Matt Damon walks into the room alone with no fussy minder or manager in sight when we meet him in Beijing, where he's here to promote his new movie The Great Wall. The only thing accompanying him is his big grin, a grin so disarming and approachable yet so recognisable, it makes us throb with excitement and go “Damn, it’s really Matt Damon!” The 1.78m-tall star is taller than we thought he’d be. We can only imagine how Herculean Ben Affleck, who towers over Matt in pics, must be in person. Matt also looks far less boyish than he does onscreen. We’re not saying he’s the Talented Mr Wrinkly, but he just looks so much more… grown up. And his dark blue knitted pullover? More Phil Dunphy than Jason Bourne. It is precisely this moment that we realise that Private Ryan is 46. Didn’t he just star in Good Will Hunting? Wait, what? That’s 20 years ago?!
8 DAYS: The Great Wall is your first Chinese movie. Did you pick up any Chinese words from the cast?
MATT DAMON: (Smiles and shakes his head) Unfortunately, those synapses have calcified.
Not even swear words?
Um, no… not really. The thing the director said the most was “mei wen ti” (‘no problem’ in Mandarin). It’s a bummer. I’ve worked in so many different countries and English is still my... You know, once you’re in production, you’re essentially lighting money on fire, and they don’t have time for you to figure that stuff out. So yeah, I went through a translator for everything.
How many items on you right now do you reckon are Made In China?
(Starts looking at his clothes) That’s a good question! I might not be wearing anything that’s Made in China (laughs).
We hear your whole family, including your four daughters, was with you in China when you filmed the movie.
Yeah, and they loved it. Two of my daughters were crying the other day ’cos they wanted to come back here. They were like, “Why can’t we go [with you]?” They were very upset. We have a thing in our family where we tell the girls that we’re going to take each of them alone on a trip. And two of them told me separately they wanted to come to China. But [by taking them on a trip], we meant like a camping trip, not a trip all the way to China (laughs).
Everyone says you are Mr Nice Guy. But what goes through your mind when you’re on press junkets and answering the same questions over and over again?
You know it’s almost like I compartmentalise this part of my life. It almost feels like I’m playing a role. It’s so unlike any other part of my life. Making movies is really fun. It’s hard work but I love it. And being at home with my kids and hanging out with my friends… no one treats me special. So, to come to these things and have all these people ask me questions and be seemingly interested in what I have to say… it feels very unnatural. I hope it doesn’t bleed into and infect the rest of my life. I think it will destroy my primary relationships. If you think what you have to say is so much more important than everybody else’s, then how are you going to have healthy relationships?

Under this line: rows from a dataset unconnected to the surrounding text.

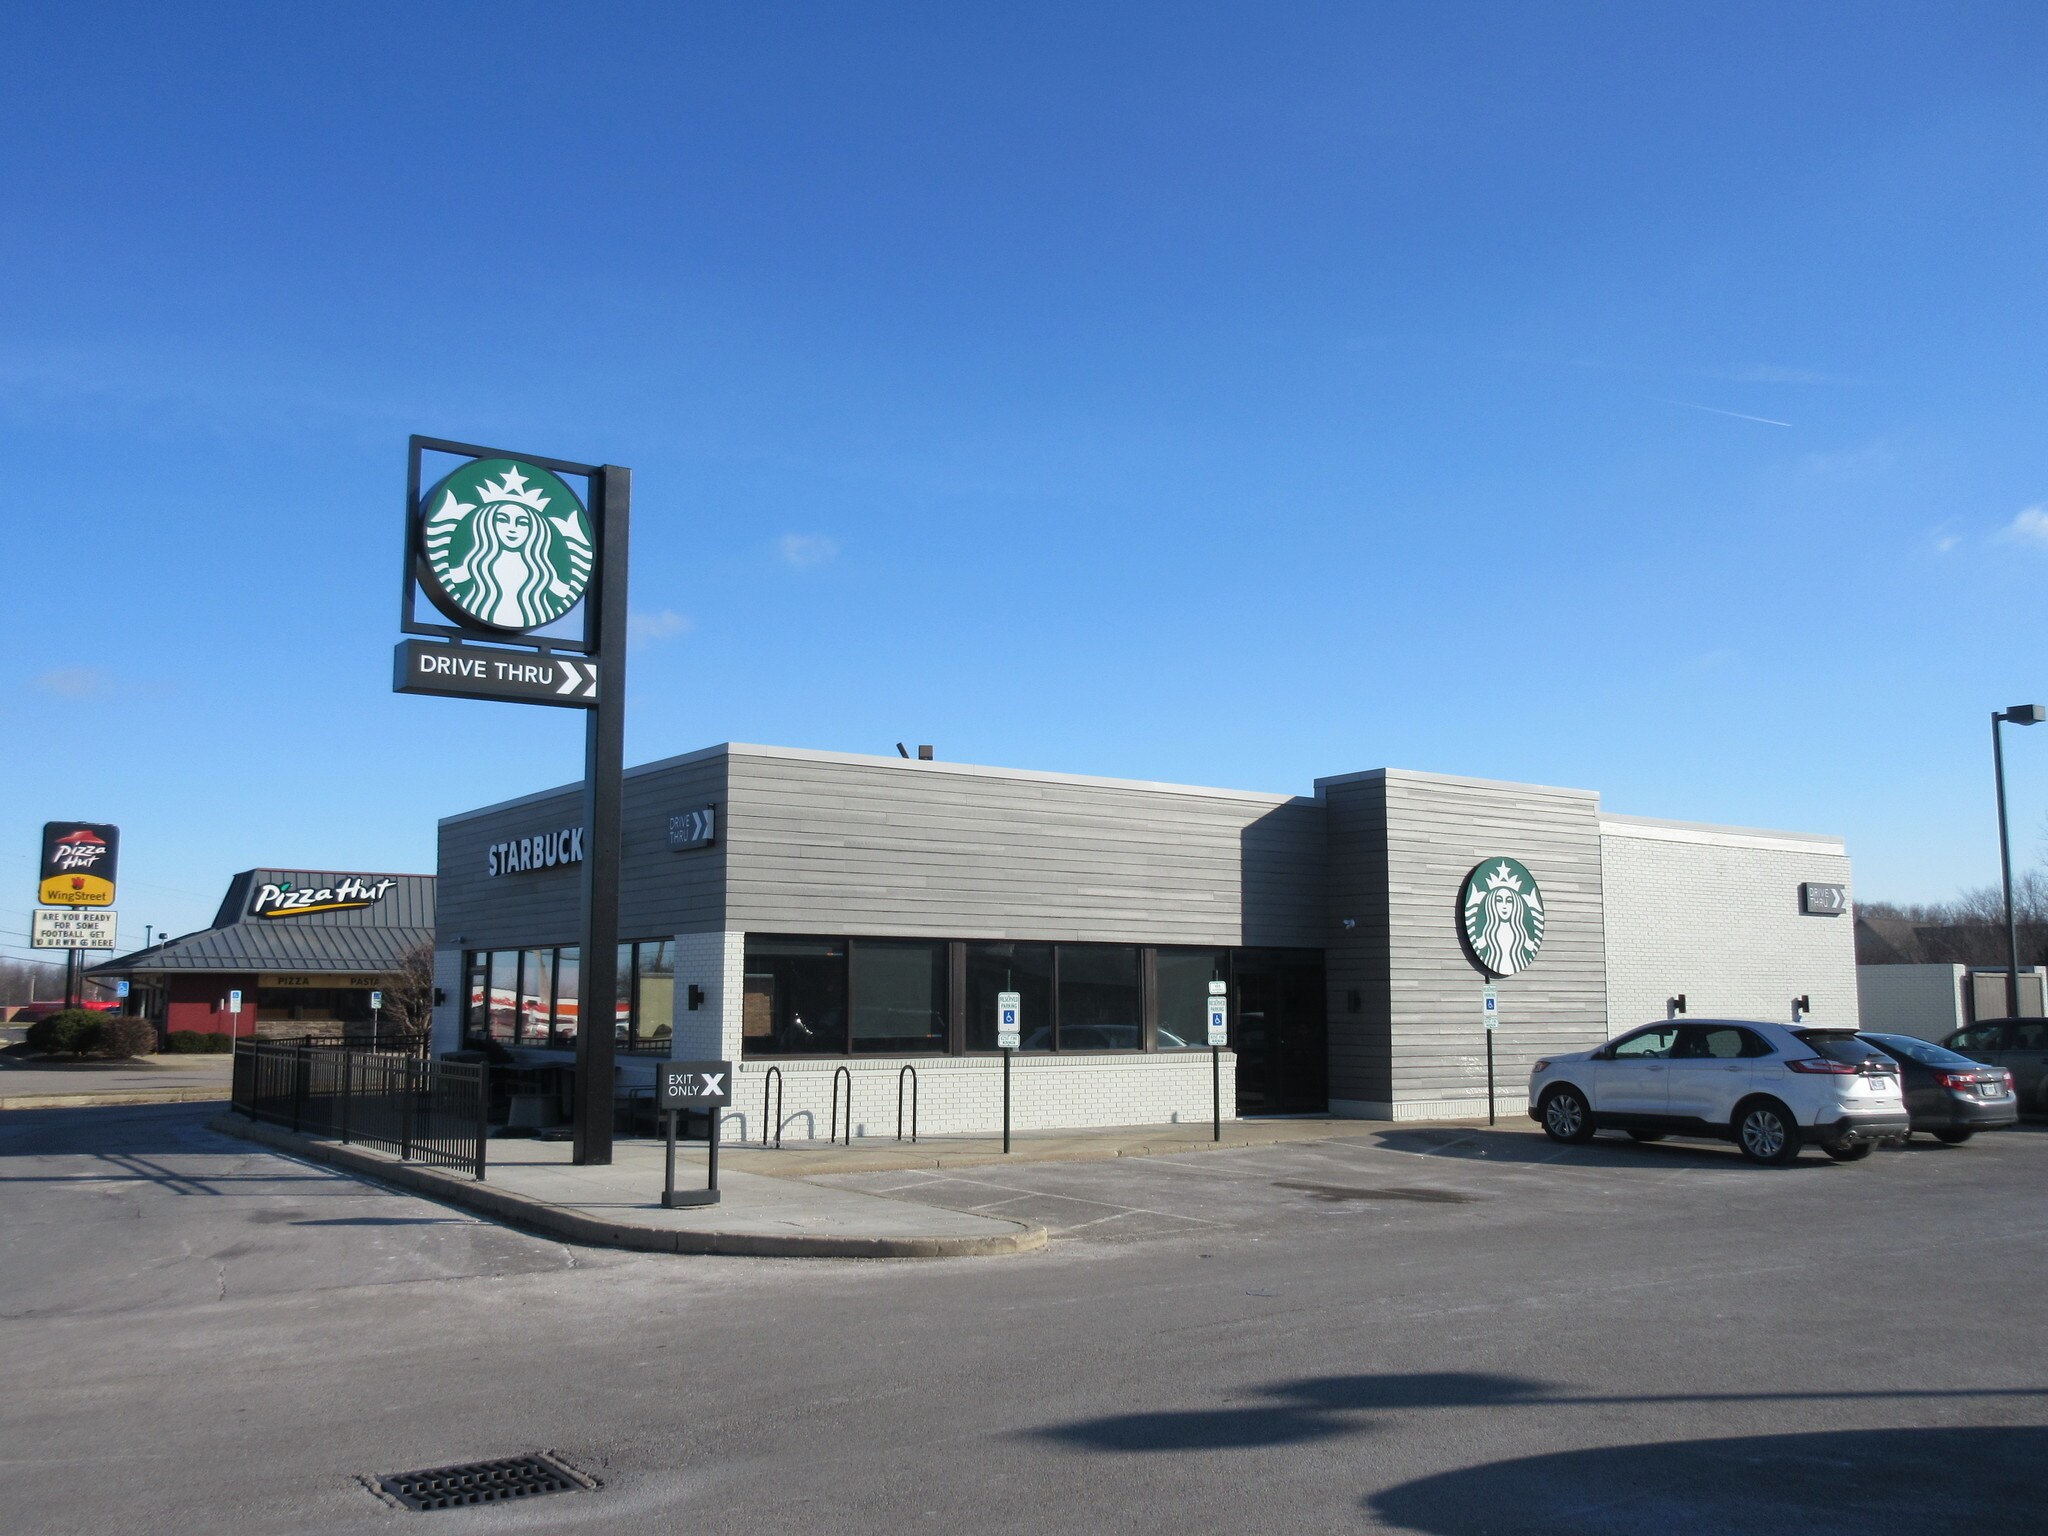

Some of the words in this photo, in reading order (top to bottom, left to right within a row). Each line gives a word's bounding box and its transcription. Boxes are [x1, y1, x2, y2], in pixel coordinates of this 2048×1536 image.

[420, 654, 487, 679] DRIVE
[494, 662, 553, 685] THRU
[669, 814, 690, 830] DRIVE
[669, 829, 689, 844] THRU
[53, 841, 107, 863] Pizza
[489, 827, 584, 877] STARBUCK
[62, 855, 101, 870] Hut
[48, 890, 106, 903] WingStreet
[255, 882, 333, 913] Pizza
[336, 876, 397, 902] Hut
[1809, 887, 1829, 898] DRIVE
[1810, 897, 1829, 908] THRU
[84, 914, 112, 922] READY
[76, 922, 99, 930] SOME
[41, 930, 84, 938] FOOTBALL
[91, 939, 113, 947] HERE
[278, 977, 309, 985] PIZZA
[668, 1074, 694, 1085] EXIT
[668, 1085, 700, 1097] ONLY
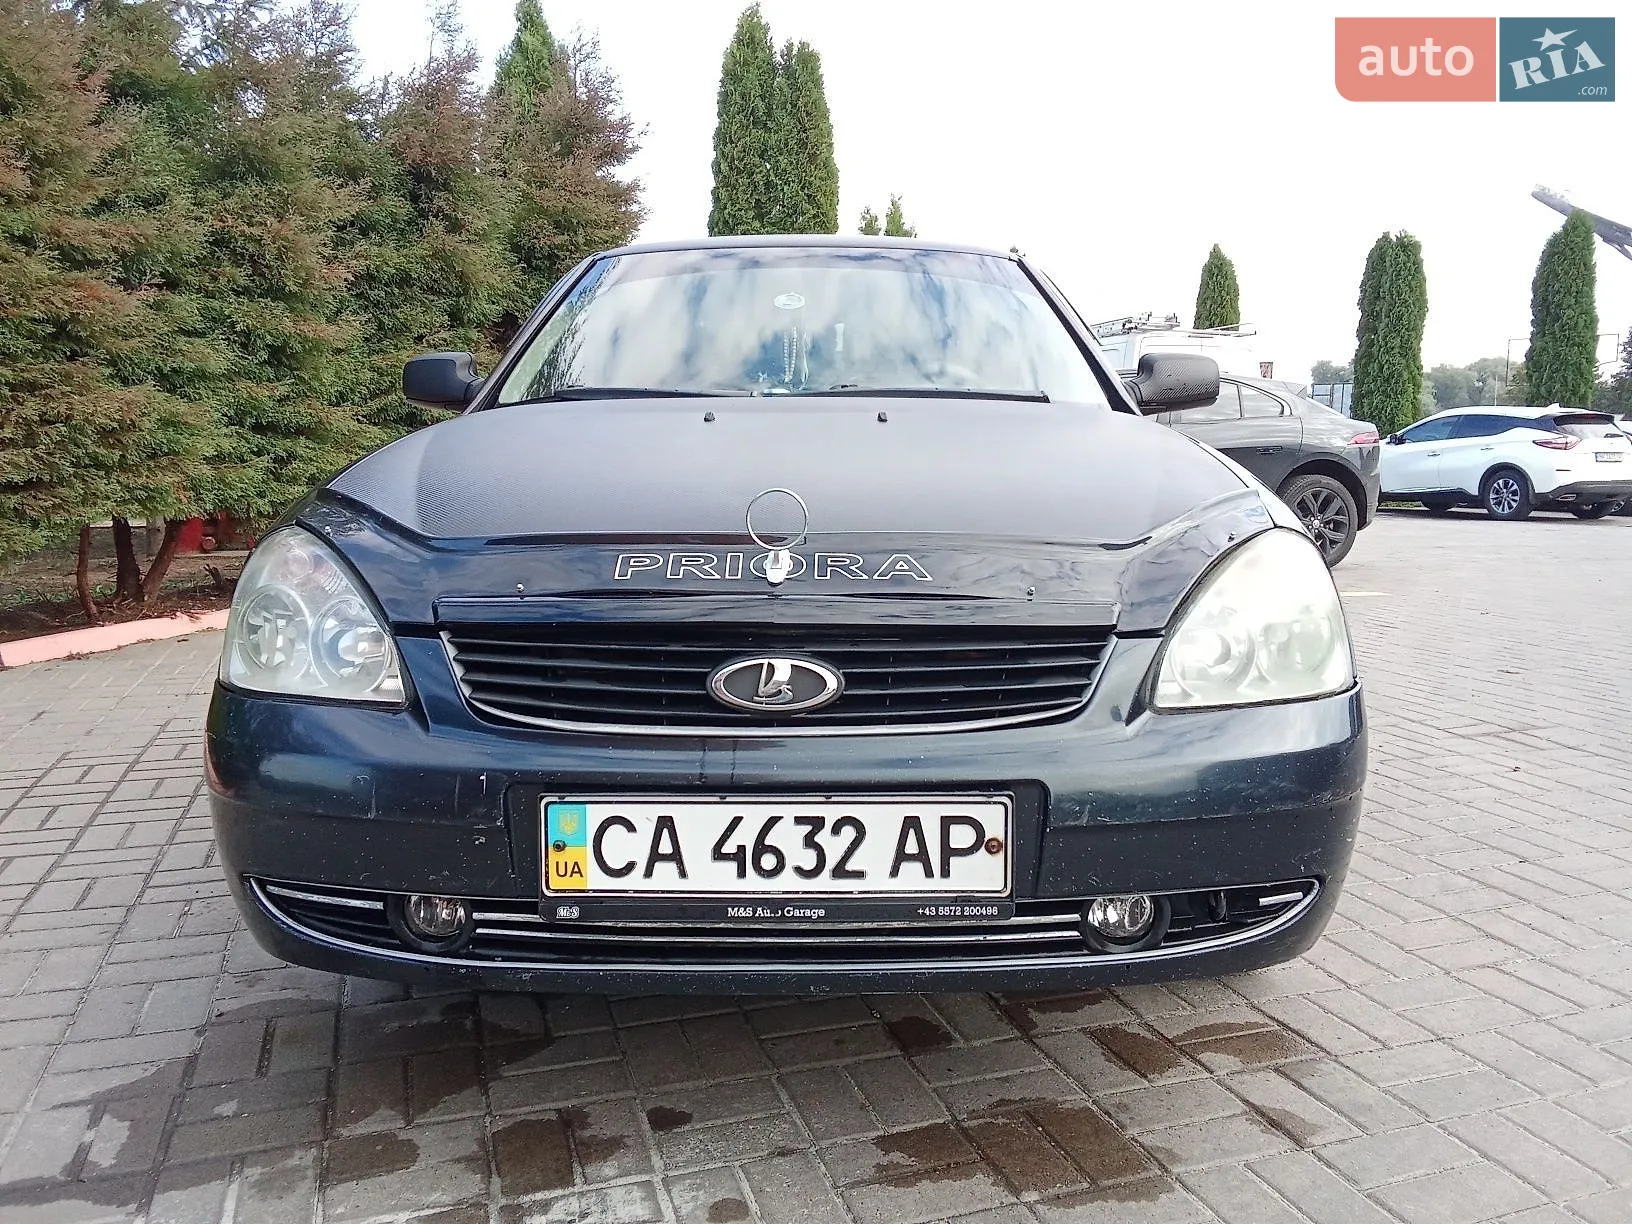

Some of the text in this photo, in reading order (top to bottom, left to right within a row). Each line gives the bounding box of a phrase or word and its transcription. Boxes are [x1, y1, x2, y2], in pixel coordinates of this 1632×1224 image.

[613, 553, 933, 581] PRIORA
[592, 815, 986, 880] CA 4632 AP
[555, 861, 584, 878] UA
[727, 907, 753, 917] M&S
[783, 906, 826, 919] Garage
[917, 906, 998, 916] +43 5572 200496
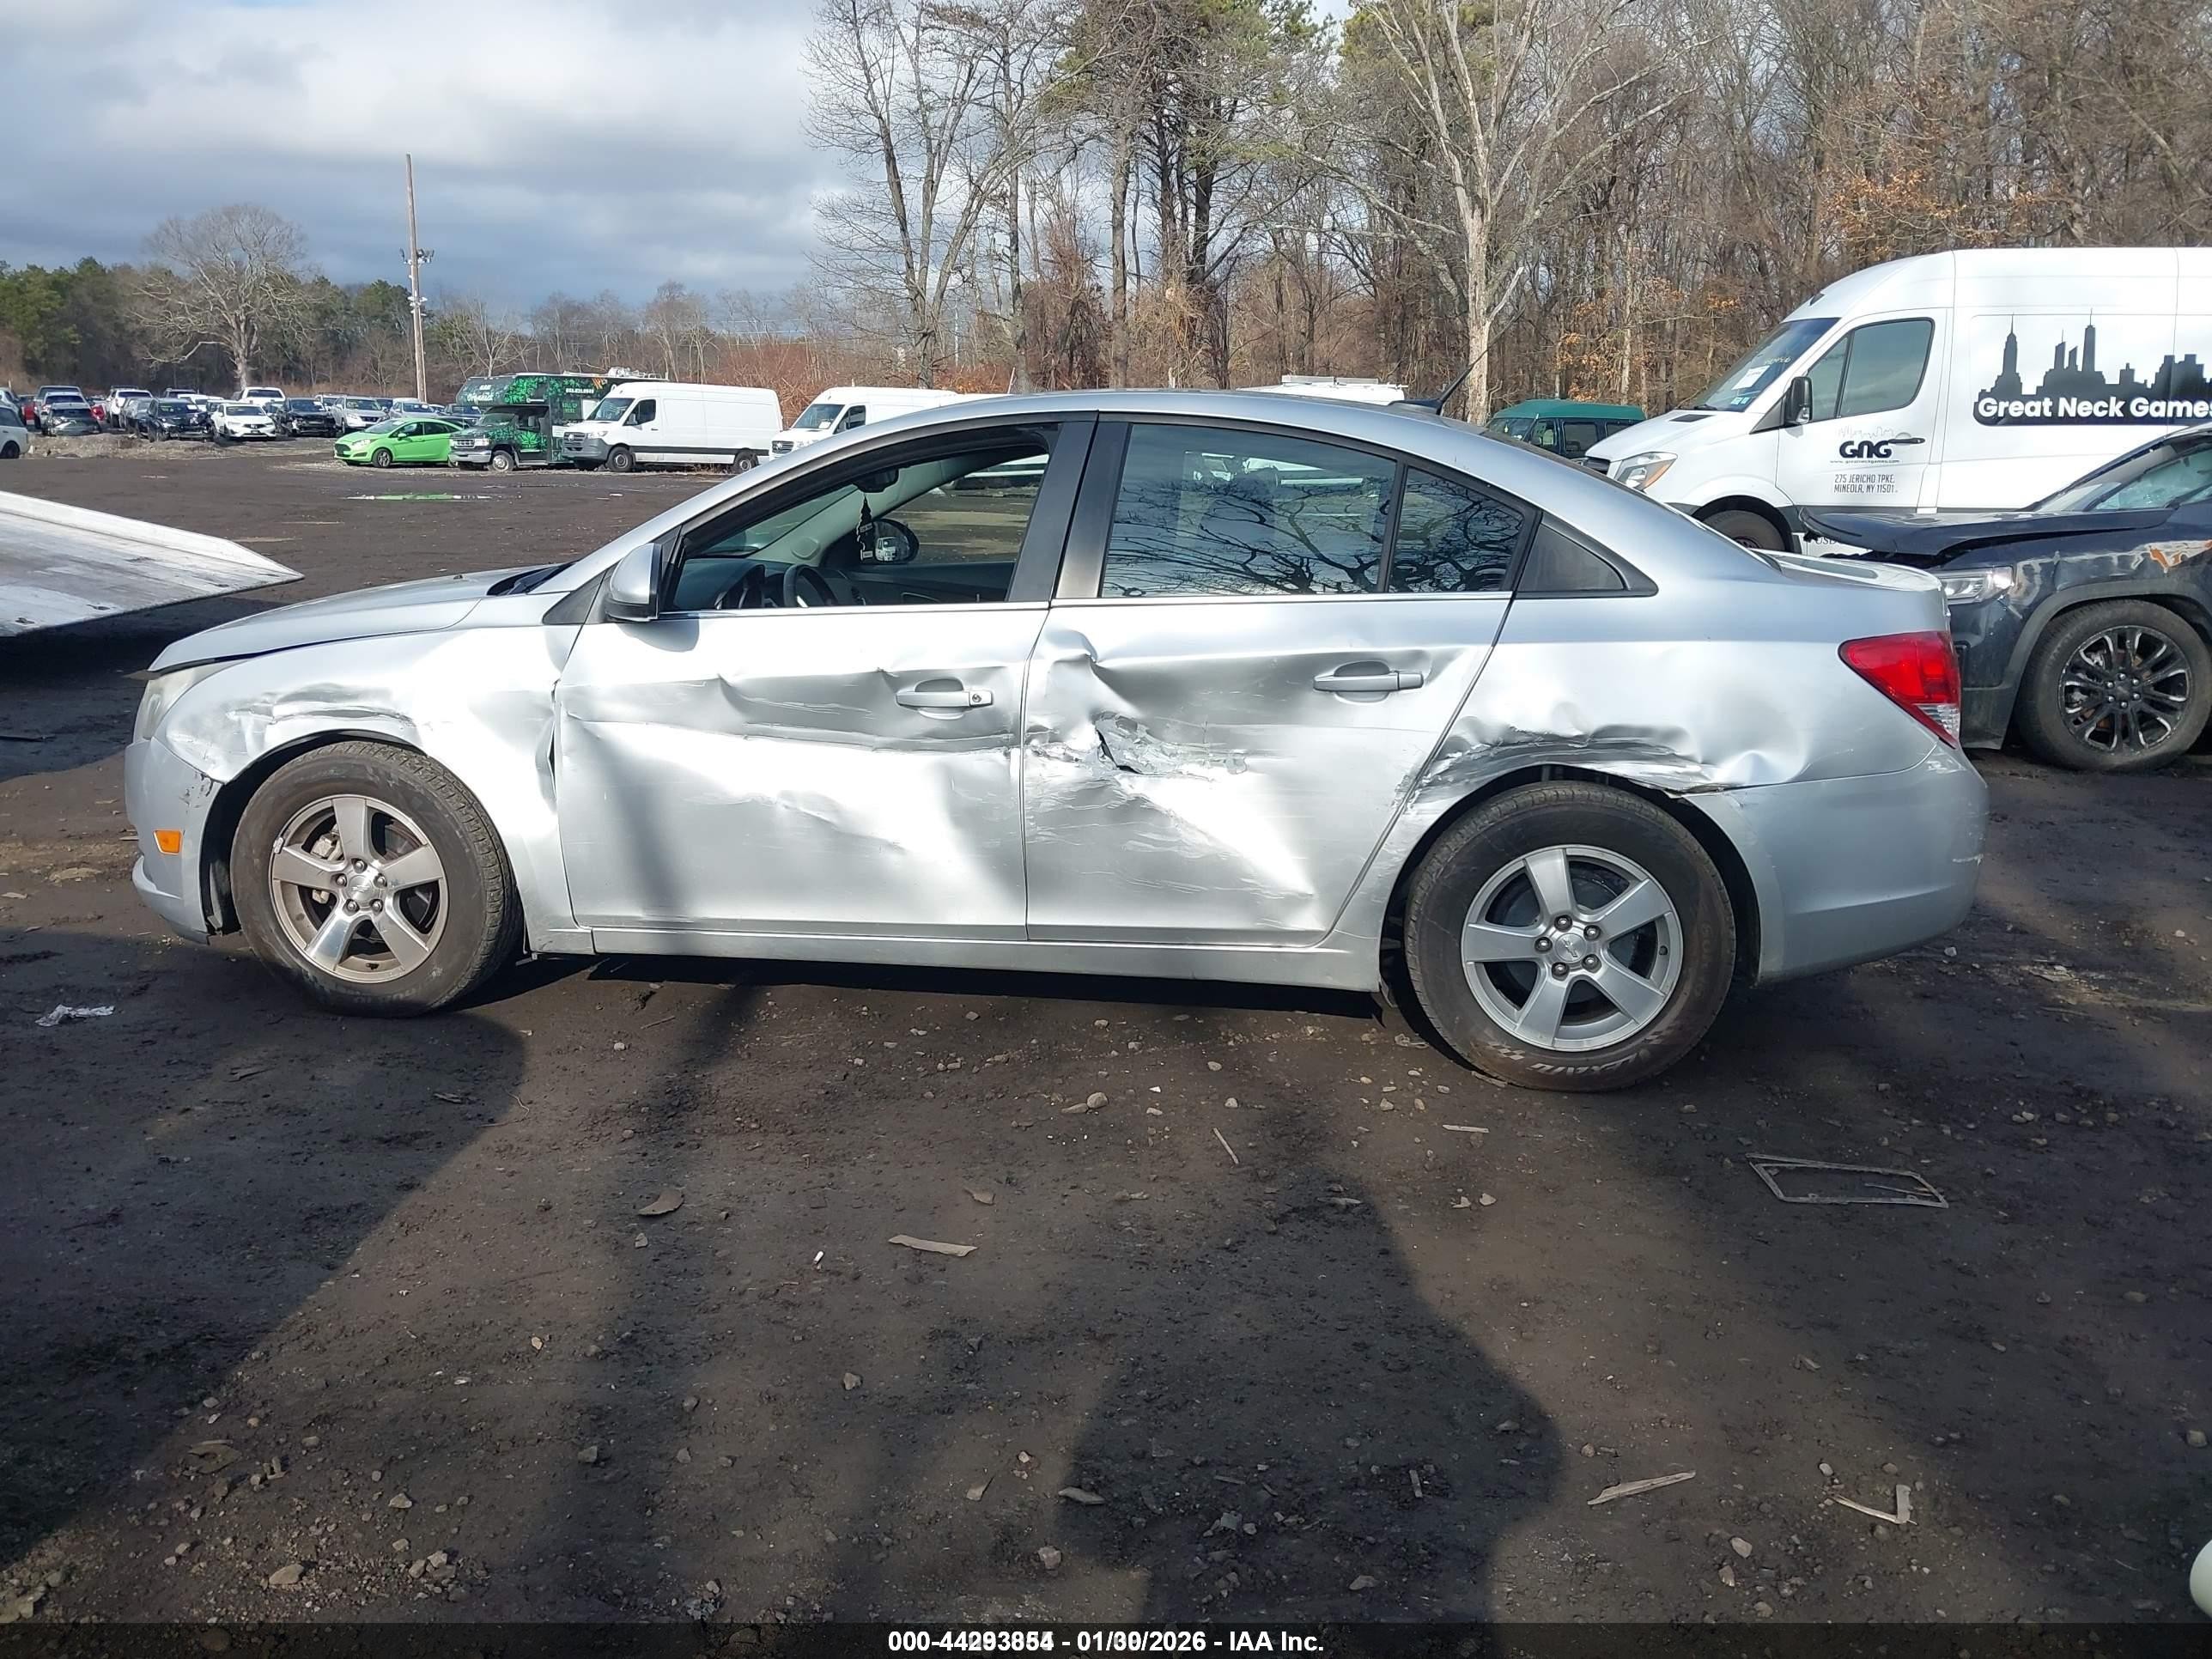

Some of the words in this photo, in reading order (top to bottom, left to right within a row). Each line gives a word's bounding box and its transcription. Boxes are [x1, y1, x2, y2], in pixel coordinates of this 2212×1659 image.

[1978, 397, 2053, 418] Great
[2058, 396, 2125, 417] Neck
[2130, 397, 2212, 418] Game
[1834, 474, 1847, 483] 275
[1848, 474, 1876, 483] JERICHO
[1866, 484, 1875, 493] NY
[1876, 484, 1894, 494] 11501

The Great Wall is a monster movie. Which monster was the stuff of your nightmares growing up?
That’s a good question. It wasn’t so much monsters but I watched The Invasion of the Body Snatchers when I was eight. I was too young to see it and I had nightmares for years after that.
Someone once said that every Leonardo DiCaprio movie would be better with Matt Damon in it. We’re going to go one step further and say that every movie would be better with Matt Damon in it.
Oh, that’s so nice of you.
Is there a movie you think you could have done better in?
I always feel like movies get the person they’re supposed to get. You know Milk that Sean Penn starred in? I was supposed to play the Josh Brolin role but I had to give it up ’cos of scheduling. I went to see it and I saw what Josh did and I was like, “Oh, the right actor got the part.” I almost got to be in The Fighter and Christian [Bale] took the part. And he was so perfect. He was meant to play the role. You get the roles you get and it works out.
What about the movies you were in?
All of them. Ask any actor [whether he could have done better] and that’s the answer you’re gonna get. I remember reading something on Anthony Hopkins and he said how economical his process became as he got older. And also the more experiences you have in life, the more available your emotions are for you. I’m 46. So if you put me in my 21-year-old body, I would deliver much better performances.
Speaking of age, were you surprised to find out that Andy Lau is 56?
(Guffaws) Yeah, he looks like he is 30. Wherever he found the fountain of youth, he won’t tell me. I wish he would.